みんかぶプレミアム連載「牧野知弘 不動産を斬る!」
目次
412万人が日本を変えるーー横浜市の人口を上回る“在留外国人”の実像
現在、国内にはどのくらいの数の外国人が暮らしているかご存じでしょうか。出入国在留管理庁によれば、2025年12月末でその数は412万5千人です。同時期の日本の総人口が1億2319万人ですから総人口のおよそ3.3%が外国人ということになります。412万人という数がどのくらいのインパクトがあるかというと、神奈川県横浜市の人口が377万3千人ですから、横浜市を上回る数の外国人が日本に居住していることになります。

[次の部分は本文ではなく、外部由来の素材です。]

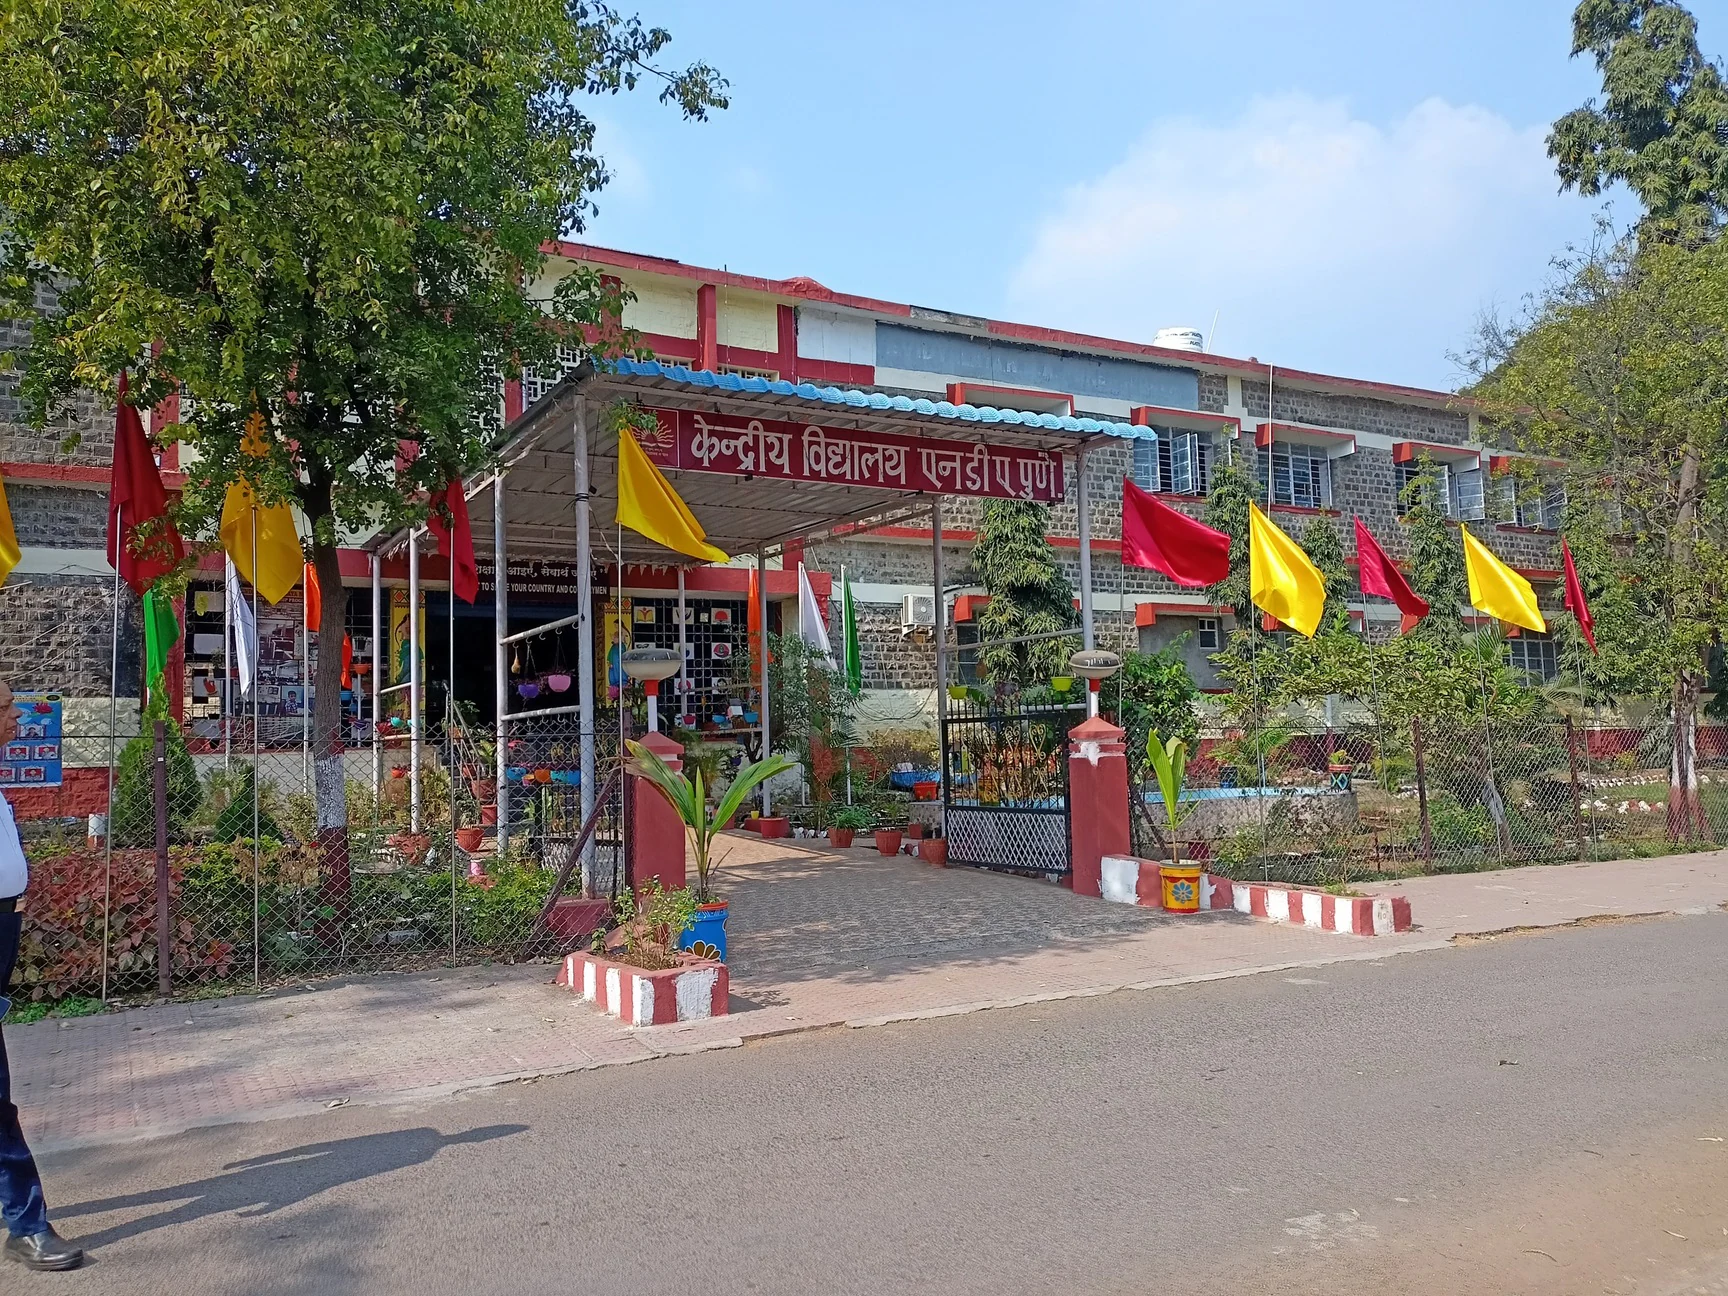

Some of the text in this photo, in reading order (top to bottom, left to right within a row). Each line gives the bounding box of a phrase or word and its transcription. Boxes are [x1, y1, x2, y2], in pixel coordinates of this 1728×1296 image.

[691, 414, 793, 475] केन्द्रीय
[801, 425, 910, 485] विद्यालय
[481, 582, 490, 591] TO
[510, 583, 527, 592] YOUR
[527, 583, 556, 593] COUNTRY
[555, 584, 569, 594] AND
[568, 585, 608, 595] COYMEN

日本の総人口は2010年前後を境として年々減少を続けています。2024年の人口統計をみると、1年間の死亡者数は160万人に達している一方で、出生者は68万人とついに70万人を割って話題になりました。つまり日本人は1年間で約90万人減っていることになりますが、日本の総人口はこの1年で1億2435万人から1億2380万人と55万人の減少に留まっています。その間を埋めているのが在留外国人で、この期間に35万人増加していることがこの数値の違いのからくりなのです。

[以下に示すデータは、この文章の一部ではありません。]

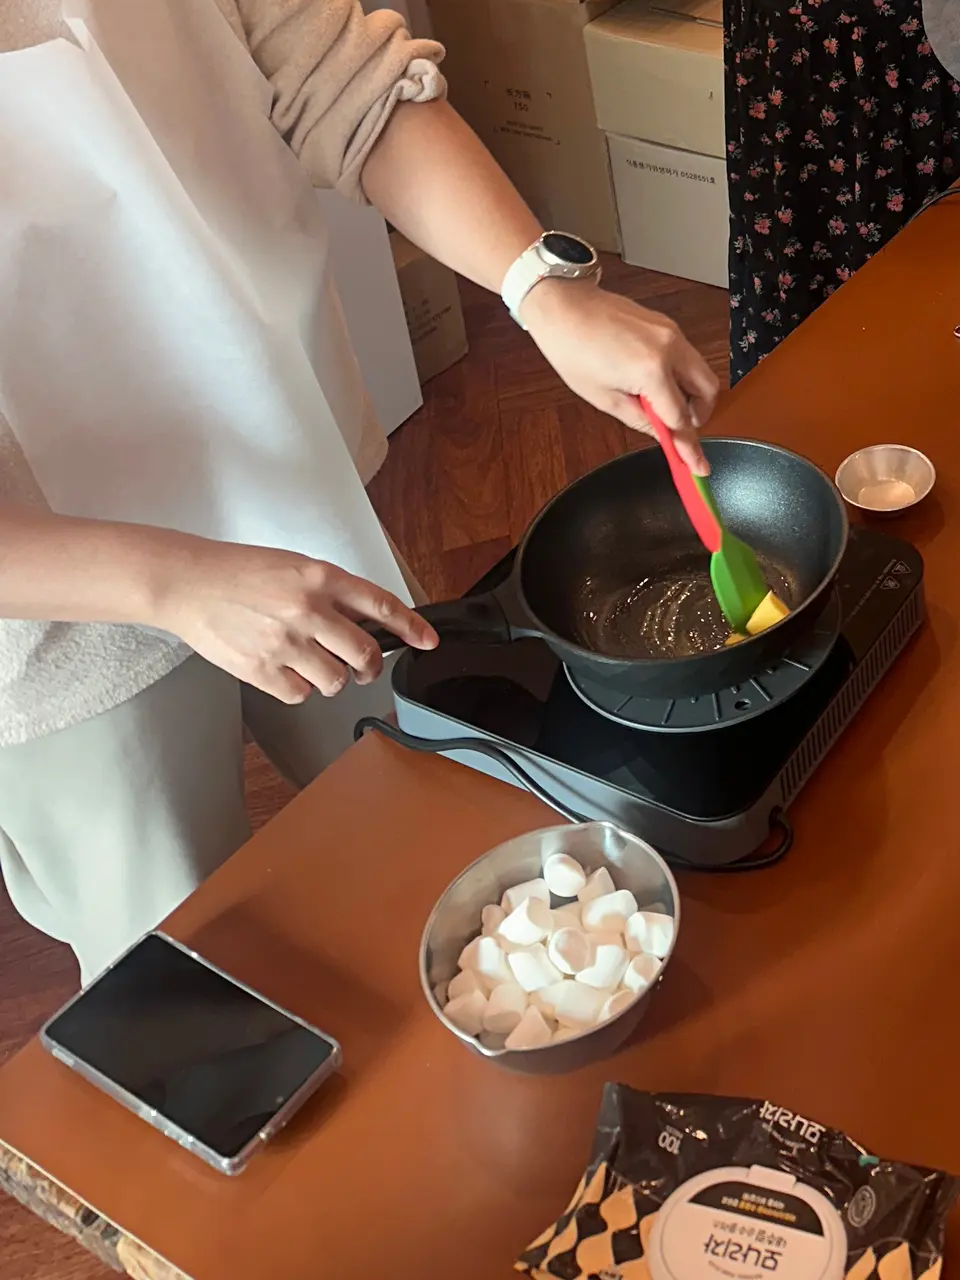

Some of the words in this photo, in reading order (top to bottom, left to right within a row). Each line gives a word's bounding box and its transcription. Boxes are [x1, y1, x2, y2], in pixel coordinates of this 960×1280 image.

[759, 1100, 828, 1144] 모나리자
[658, 1131, 681, 1156] 100
[703, 1233, 784, 1273] 모나리자

増加を続ける在留外国人ですが、彼らは同国人で集住する傾向があります。日本人ビジネスマンで海外駐在をするときも、日本人が多く住む街を選択する傾向があります。言葉が通じて、情報交換がしやすく、日本人学校などの教育施設が整い、治安が比較的良く、日本食の食材などが入手しやすいなどといった理由によるものです。
こうした理由は日本にやってきて居住する外国人にとっても全く同じです。では彼らはどの街に多く住んでいるのでしょうか。東京都内および埼玉県内での例でご紹介しましょう。

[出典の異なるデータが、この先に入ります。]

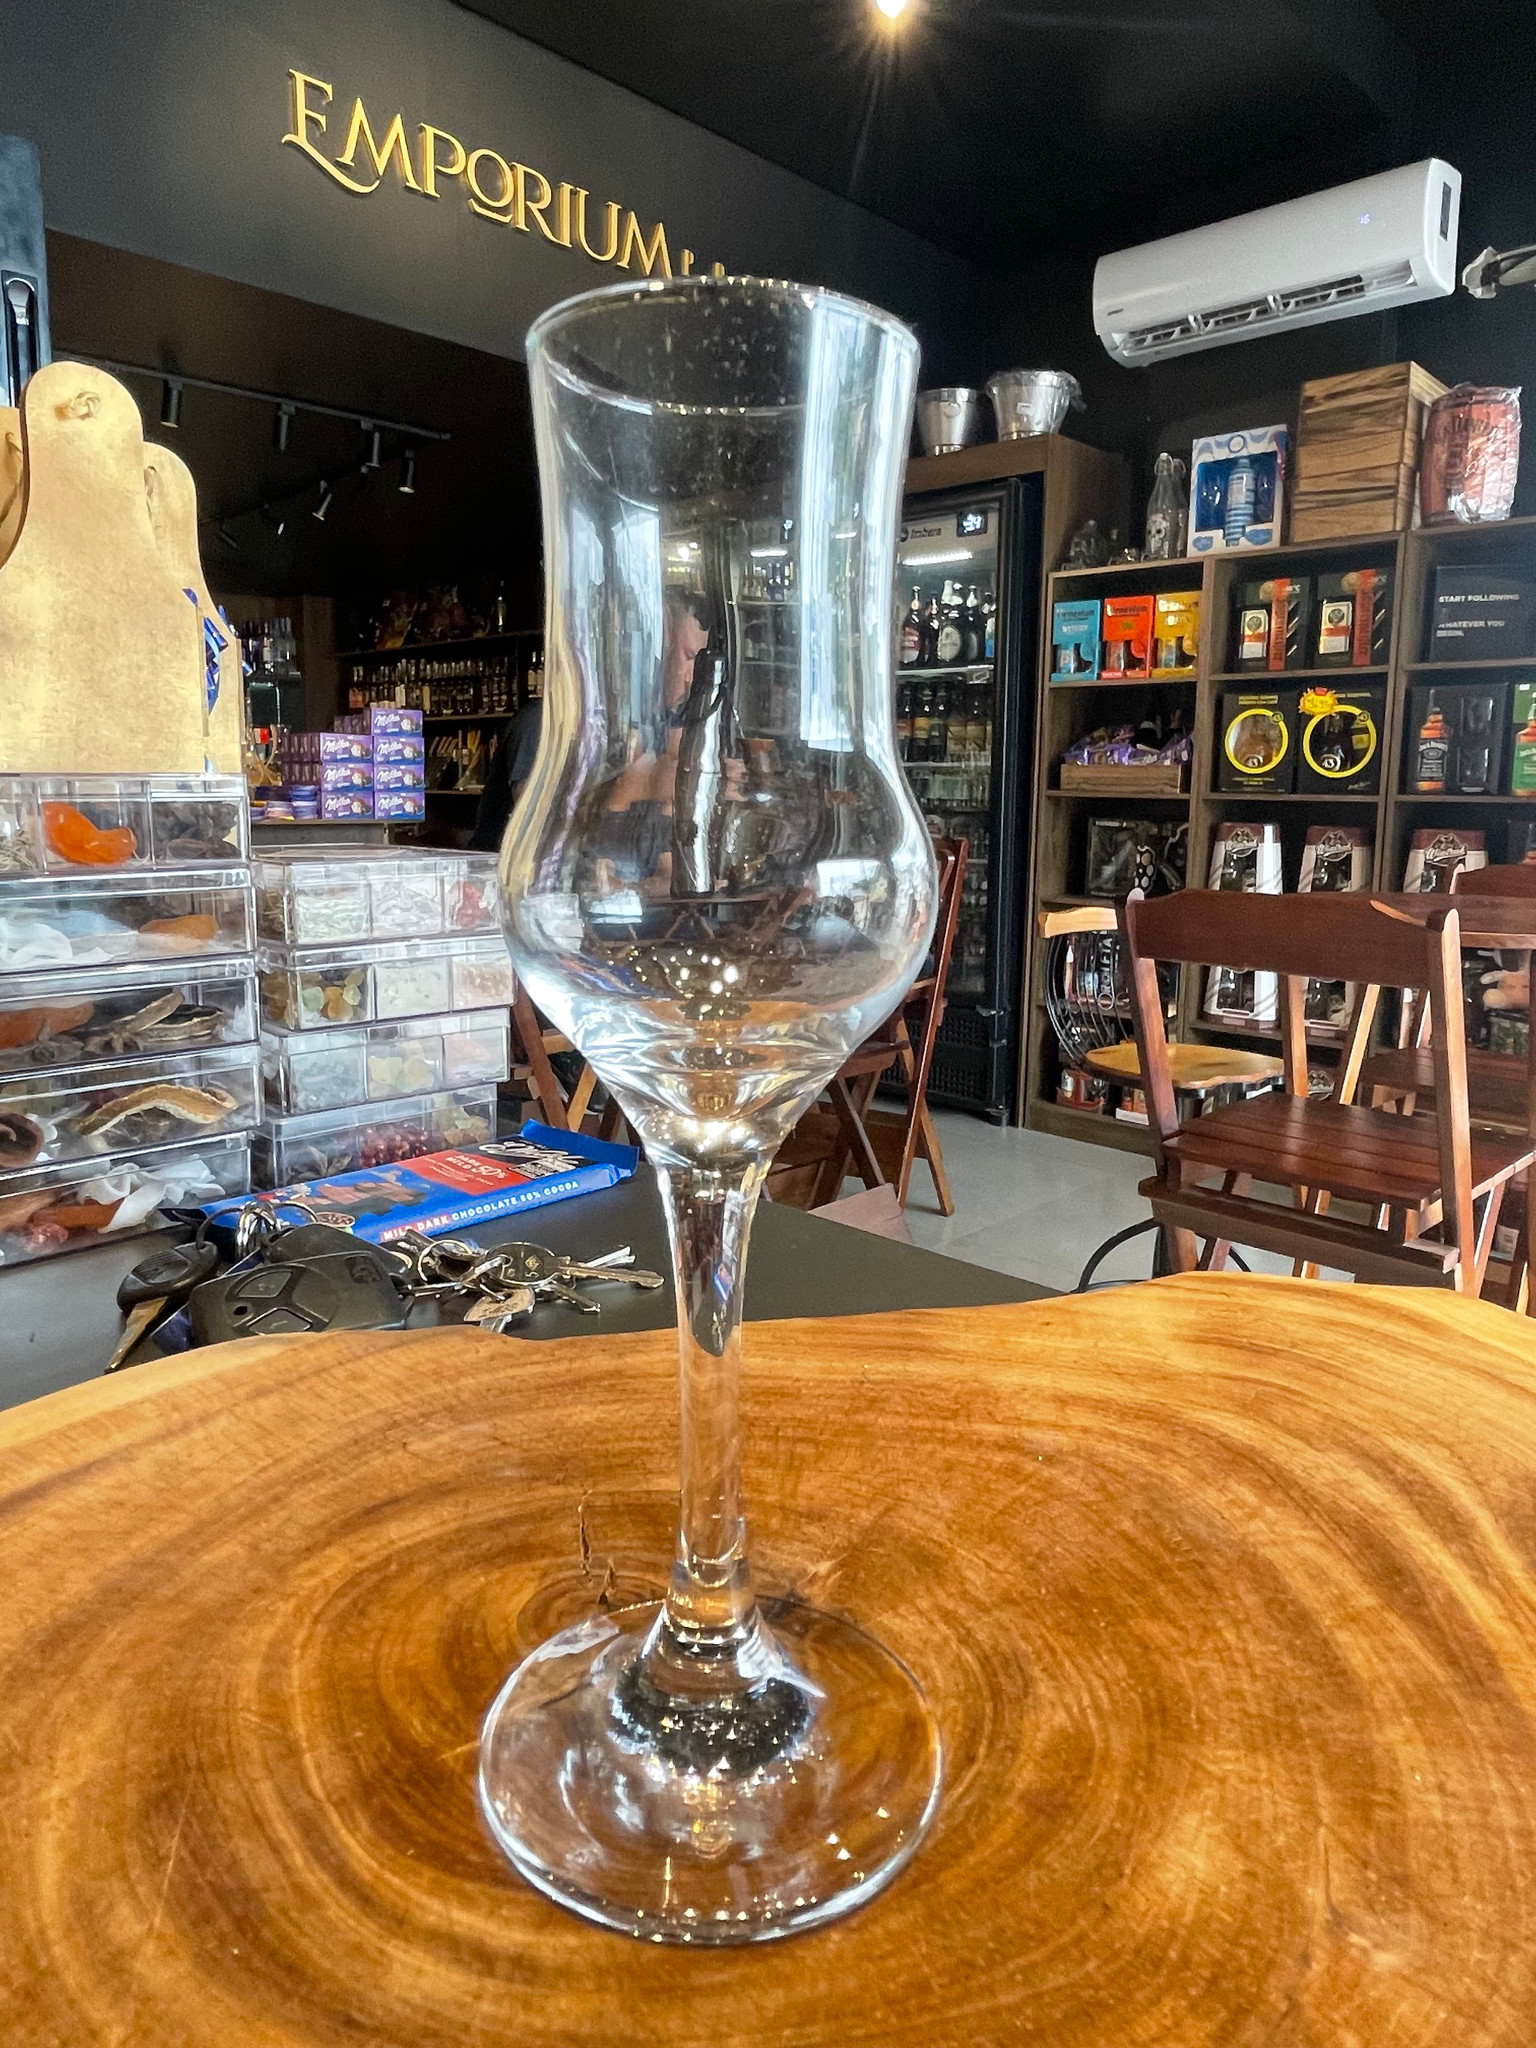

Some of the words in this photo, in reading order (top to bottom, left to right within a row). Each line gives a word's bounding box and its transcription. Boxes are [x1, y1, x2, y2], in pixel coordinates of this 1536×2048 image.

[282, 68, 673, 278] EMPORIUM
[1438, 595, 1466, 603] START
[417, 1215, 449, 1231] DARK
[451, 1196, 518, 1221] CHOCOLATE
[544, 1180, 580, 1196] COCOA

「リトル・コリア」から「多国籍タウン」へ。新大久保周辺における居住属性の変容
■新大久保(新宿区)
JR山手線「新大久保」と総武線「大久保」駅に挟まれた界隈です。この2つの駅は大久保通りで結ばれ、わずか300mほどしか離れていません。両駅に挟まれたあたりは百人町。大久保駅の西側が北新宿、新大久保駅東側が大久保となります。ここが新宿区の中でもとりわけ外国人が多く住むエリアです。
実際にどのくらい住んでいるかと言えば、エリア内人口に外国人が占める割合で示すと、両駅の周辺に位置する百人町1丁目39.6%、2丁目41.2%、大久保1丁目39.8%、2丁目33.5%と軒並み高い比率を示します。最近高層マンションが増えた北新宿でも大久保駅に近い1丁目では25.6%、3丁目24.6%、4丁目22.9%と外国人比率が急増しています。
この街は韓国人が多く住むことからリトル・コリアなどと呼ばれてきましたが、最近はマレーシア人やベトナム人、ネパール人も目立つようになり、飲食店も韓国系のみならず、イスラム系、エスニック系の店舗の進出が目立ちます。